Probably cause it's been 3 months since i've felt "normal", my child was up at Grans and i'm having a fantastic city stay, i declare today the best day ever!
I started the birth control pill in October and that wreaked havoc on my hormones and body. Then obviously the last cycle was so traumatic. It is the best feeling ever to be feeling happy, relaxed and ready to go.
Today i woke up when i wanted to (still 7am for some reason). Took my time getting ready. Talked to friends without interruption. Took myself out for a lovely, leisurely breakfast then met someone for coffee. Followed by a lovely long lunch with another dear friend. Oh in between i went shopping and bought myself a few little things.
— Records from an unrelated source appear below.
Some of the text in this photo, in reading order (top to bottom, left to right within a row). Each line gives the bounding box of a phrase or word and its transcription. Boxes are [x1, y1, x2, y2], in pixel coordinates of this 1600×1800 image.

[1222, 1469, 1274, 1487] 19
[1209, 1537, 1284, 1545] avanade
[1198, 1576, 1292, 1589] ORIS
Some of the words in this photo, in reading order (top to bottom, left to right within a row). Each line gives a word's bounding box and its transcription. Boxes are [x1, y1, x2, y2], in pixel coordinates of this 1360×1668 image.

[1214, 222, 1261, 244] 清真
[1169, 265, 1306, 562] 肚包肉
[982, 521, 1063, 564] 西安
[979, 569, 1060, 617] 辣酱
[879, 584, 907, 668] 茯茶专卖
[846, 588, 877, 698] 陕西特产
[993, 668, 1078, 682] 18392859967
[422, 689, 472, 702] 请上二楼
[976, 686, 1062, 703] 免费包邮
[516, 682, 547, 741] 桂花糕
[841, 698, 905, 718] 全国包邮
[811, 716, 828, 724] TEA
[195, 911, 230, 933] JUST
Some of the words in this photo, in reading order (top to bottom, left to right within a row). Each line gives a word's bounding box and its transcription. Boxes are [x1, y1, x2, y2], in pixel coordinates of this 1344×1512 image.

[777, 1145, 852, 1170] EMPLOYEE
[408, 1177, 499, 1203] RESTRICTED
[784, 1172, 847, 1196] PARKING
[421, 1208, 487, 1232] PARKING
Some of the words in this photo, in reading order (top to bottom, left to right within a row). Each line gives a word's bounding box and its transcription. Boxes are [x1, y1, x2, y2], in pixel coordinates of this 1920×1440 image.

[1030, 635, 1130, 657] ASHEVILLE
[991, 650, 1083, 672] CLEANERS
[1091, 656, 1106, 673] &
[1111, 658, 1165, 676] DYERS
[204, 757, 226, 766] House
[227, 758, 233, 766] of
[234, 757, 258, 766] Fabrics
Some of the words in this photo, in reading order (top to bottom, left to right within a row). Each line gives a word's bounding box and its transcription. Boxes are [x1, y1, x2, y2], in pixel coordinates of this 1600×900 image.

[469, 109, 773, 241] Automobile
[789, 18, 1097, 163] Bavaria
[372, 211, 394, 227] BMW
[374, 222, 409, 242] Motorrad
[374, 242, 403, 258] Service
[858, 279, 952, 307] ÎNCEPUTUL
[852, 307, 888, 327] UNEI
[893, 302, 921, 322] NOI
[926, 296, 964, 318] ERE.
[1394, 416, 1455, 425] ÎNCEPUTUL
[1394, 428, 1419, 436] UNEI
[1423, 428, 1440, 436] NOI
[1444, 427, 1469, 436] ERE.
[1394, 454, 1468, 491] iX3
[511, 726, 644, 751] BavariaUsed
Then i drove up to the family home and picked up my child, saw everyone, it was nice to say hello to my lovely hosts, they are the best and i actually miss them. Also saw the others who were fine, i was happy to see them but also to go away again, before the crying and whining began. So I took my little girl with me. Then we went to the pool and are now waiting for dinner with another beautiful friend.
I would love to stay here forever. But the best i could do is extend it by one night. Then i'll go and stay one more night at the family home before moving into my own apartment for 10 days. Things are all looking good. Really, really good.
Still waiting for my period. I wish i would start so we can get going and also i can keep my happy streak going. May tomorrow be an even better day ever!